> [Supplied material]
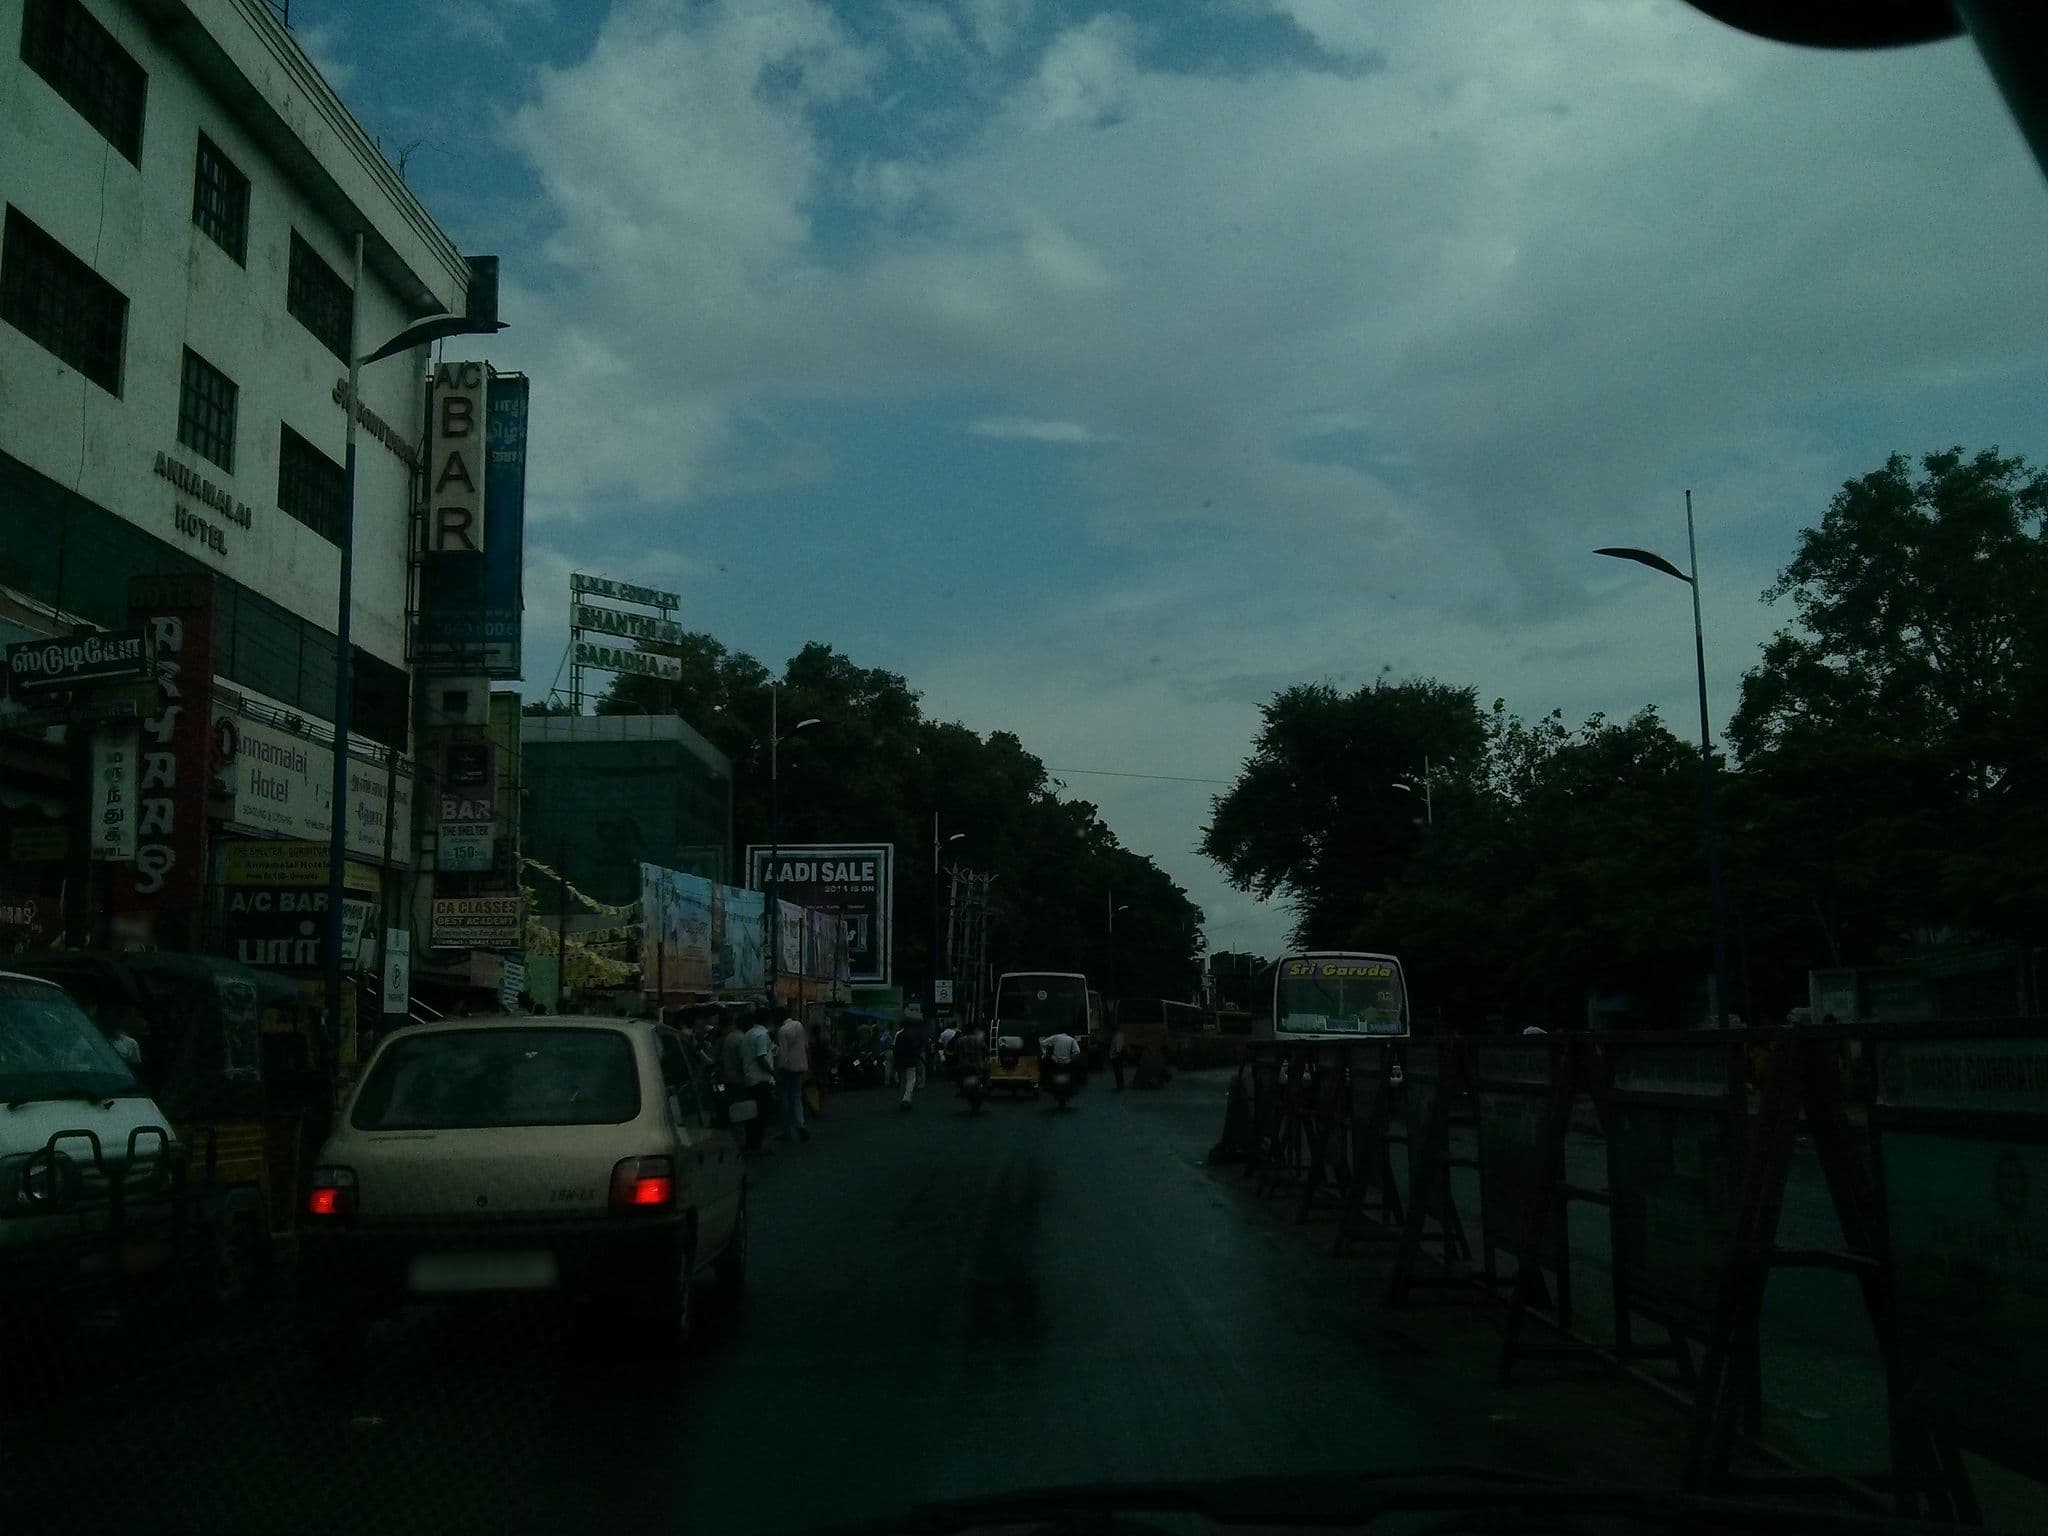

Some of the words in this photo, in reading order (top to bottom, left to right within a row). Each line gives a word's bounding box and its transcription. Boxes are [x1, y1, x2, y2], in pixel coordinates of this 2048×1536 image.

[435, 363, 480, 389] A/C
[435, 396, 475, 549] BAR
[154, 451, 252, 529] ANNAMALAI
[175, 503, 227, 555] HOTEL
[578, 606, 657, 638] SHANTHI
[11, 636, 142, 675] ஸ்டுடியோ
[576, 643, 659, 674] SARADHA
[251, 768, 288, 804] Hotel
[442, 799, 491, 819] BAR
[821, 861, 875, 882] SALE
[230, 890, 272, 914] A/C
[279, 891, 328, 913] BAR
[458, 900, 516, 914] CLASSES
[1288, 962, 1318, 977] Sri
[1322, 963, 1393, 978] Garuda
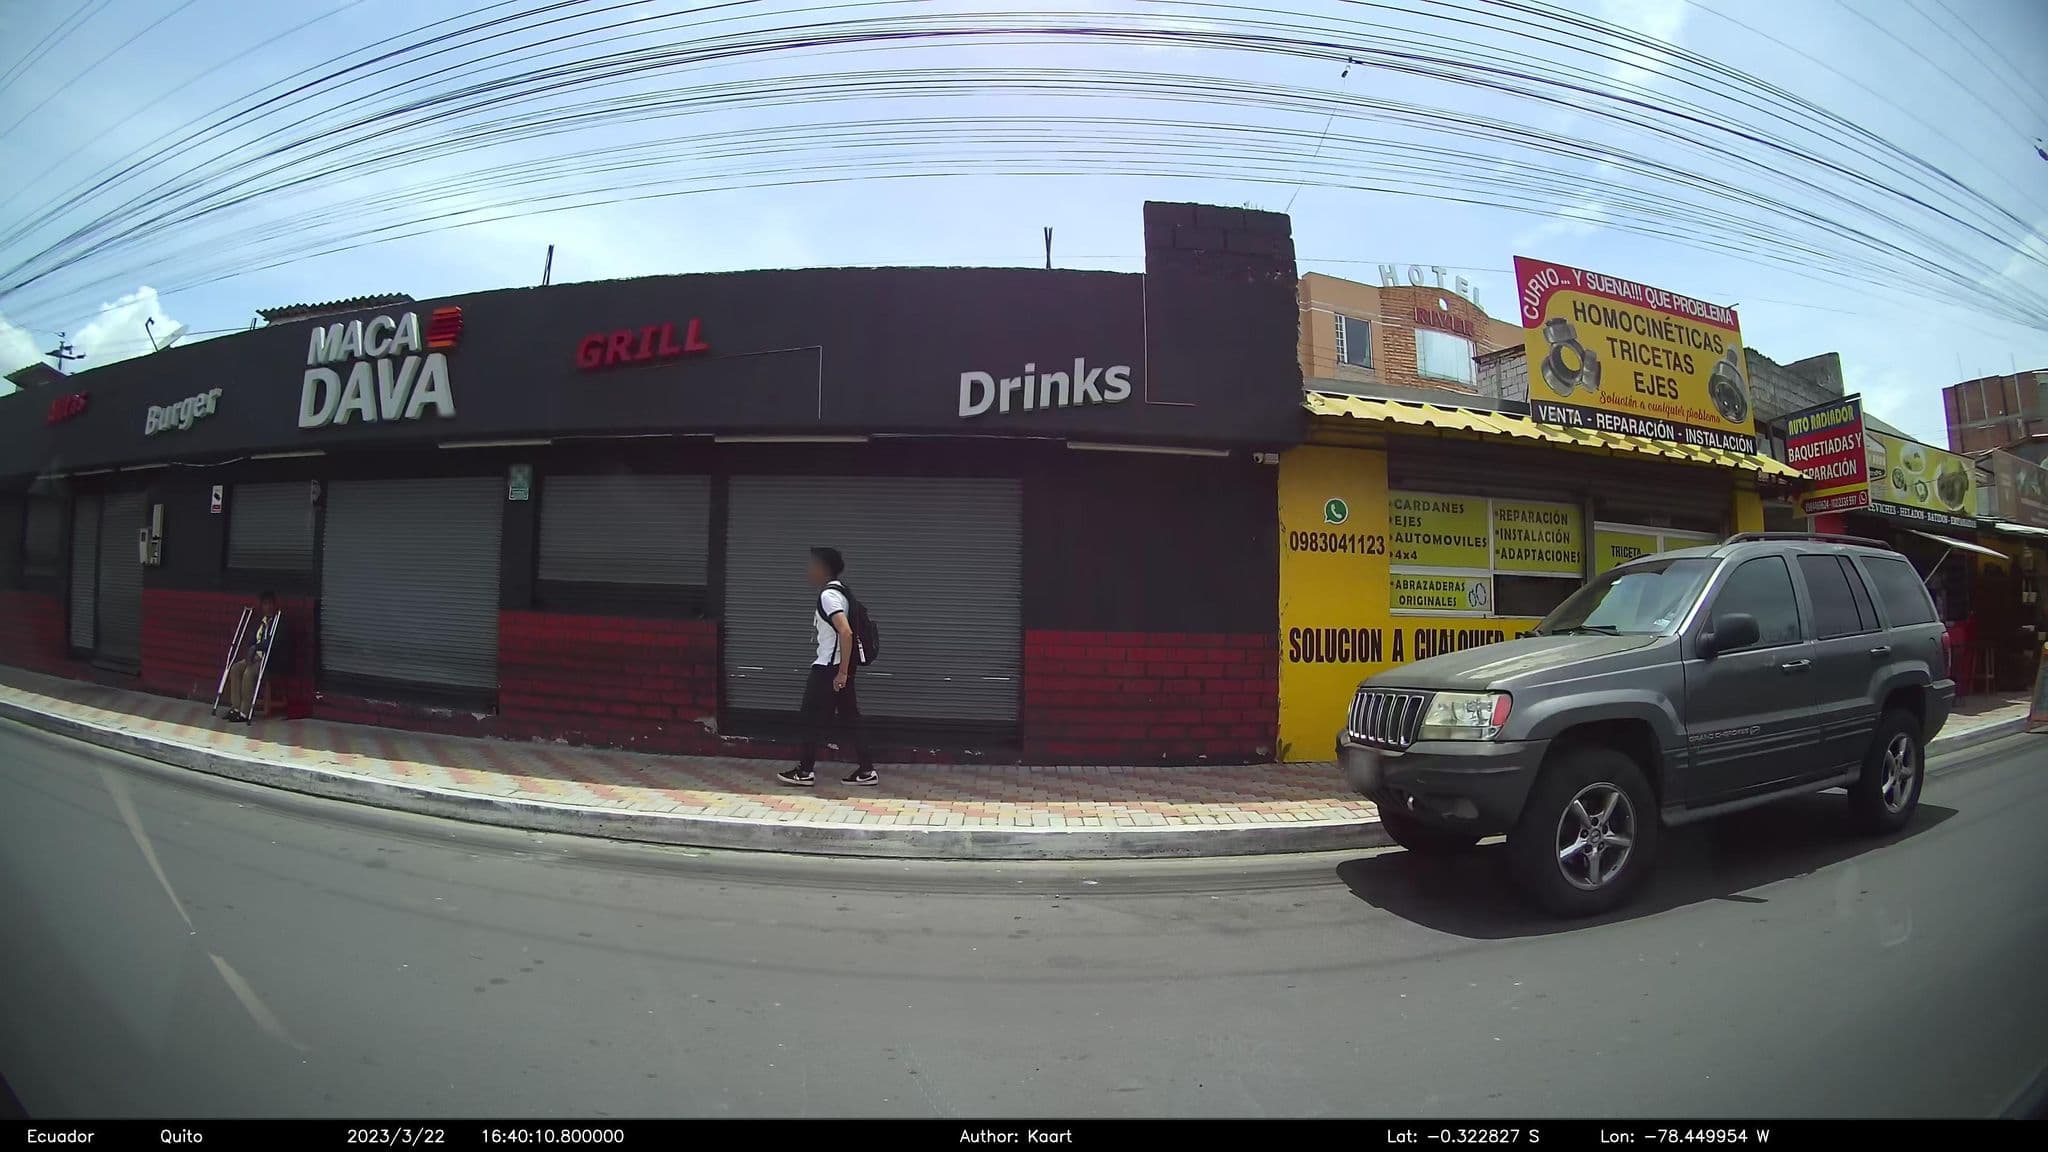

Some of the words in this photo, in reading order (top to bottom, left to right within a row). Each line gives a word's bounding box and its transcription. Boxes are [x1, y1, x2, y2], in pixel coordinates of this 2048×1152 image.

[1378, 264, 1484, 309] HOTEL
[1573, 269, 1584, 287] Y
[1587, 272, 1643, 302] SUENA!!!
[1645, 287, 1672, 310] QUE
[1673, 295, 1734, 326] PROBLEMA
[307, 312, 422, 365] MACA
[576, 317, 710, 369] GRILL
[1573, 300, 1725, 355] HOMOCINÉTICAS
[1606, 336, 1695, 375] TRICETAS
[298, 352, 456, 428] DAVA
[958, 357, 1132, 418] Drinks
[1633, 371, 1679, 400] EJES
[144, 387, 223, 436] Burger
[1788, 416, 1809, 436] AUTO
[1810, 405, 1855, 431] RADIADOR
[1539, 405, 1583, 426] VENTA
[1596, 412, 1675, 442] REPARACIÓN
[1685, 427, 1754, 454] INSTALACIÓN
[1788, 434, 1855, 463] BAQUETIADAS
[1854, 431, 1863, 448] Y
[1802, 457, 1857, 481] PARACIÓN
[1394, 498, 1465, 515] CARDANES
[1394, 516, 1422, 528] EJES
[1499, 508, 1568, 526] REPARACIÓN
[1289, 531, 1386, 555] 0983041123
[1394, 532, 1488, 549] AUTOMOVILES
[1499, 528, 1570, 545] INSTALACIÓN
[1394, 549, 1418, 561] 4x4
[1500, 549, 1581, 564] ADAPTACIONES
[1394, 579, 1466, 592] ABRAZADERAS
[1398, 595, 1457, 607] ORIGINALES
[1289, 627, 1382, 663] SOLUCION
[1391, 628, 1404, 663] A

> [Task instructions] Hand back all the entries exactly, leaving out the pictures.

> [Response to the exercise]
Some of the words in this photo, in reading order (top to bottom, left to right within a row). Each line gives a word's bounding box and its transcription. Boxes are [x1, y1, x2, y2], in pixel coordinates of this 2048×1536 image.

[435, 363, 480, 389] A/C
[435, 396, 475, 549] BAR
[154, 451, 252, 529] ANNAMALAI
[175, 503, 227, 555] HOTEL
[578, 606, 657, 638] SHANTHI
[11, 636, 142, 675] ஸ்டுடியோ
[576, 643, 659, 674] SARADHA
[251, 768, 288, 804] Hotel
[442, 799, 491, 819] BAR
[821, 861, 875, 882] SALE
[230, 890, 272, 914] A/C
[279, 891, 328, 913] BAR
[458, 900, 516, 914] CLASSES
[1288, 962, 1318, 977] Sri
[1322, 963, 1393, 978] Garuda

Some of the words in this photo, in reading order (top to bottom, left to right within a row). Each line gives a word's bounding box and its transcription. Boxes are [x1, y1, x2, y2], in pixel coordinates of this 2048×1152 image.

[1378, 264, 1484, 309] HOTEL
[1573, 269, 1584, 287] Y
[1587, 272, 1643, 302] SUENA!!!
[1645, 287, 1672, 310] QUE
[1673, 295, 1734, 326] PROBLEMA
[307, 312, 422, 365] MACA
[576, 317, 710, 369] GRILL
[1573, 300, 1725, 355] HOMOCINÉTICAS
[1606, 336, 1695, 375] TRICETAS
[298, 352, 456, 428] DAVA
[958, 357, 1132, 418] Drinks
[1633, 371, 1679, 400] EJES
[144, 387, 223, 436] Burger
[1788, 416, 1809, 436] AUTO
[1810, 405, 1855, 431] RADIADOR
[1539, 405, 1583, 426] VENTA
[1596, 412, 1675, 442] REPARACIÓN
[1685, 427, 1754, 454] INSTALACIÓN
[1788, 434, 1855, 463] BAQUETIADAS
[1854, 431, 1863, 448] Y
[1802, 457, 1857, 481] PARACIÓN
[1394, 498, 1465, 515] CARDANES
[1394, 516, 1422, 528] EJES
[1499, 508, 1568, 526] REPARACIÓN
[1289, 531, 1386, 555] 0983041123
[1394, 532, 1488, 549] AUTOMOVILES
[1499, 528, 1570, 545] INSTALACIÓN
[1394, 549, 1418, 561] 4x4
[1500, 549, 1581, 564] ADAPTACIONES
[1394, 579, 1466, 592] ABRAZADERAS
[1398, 595, 1457, 607] ORIGINALES
[1289, 627, 1382, 663] SOLUCION
[1391, 628, 1404, 663] A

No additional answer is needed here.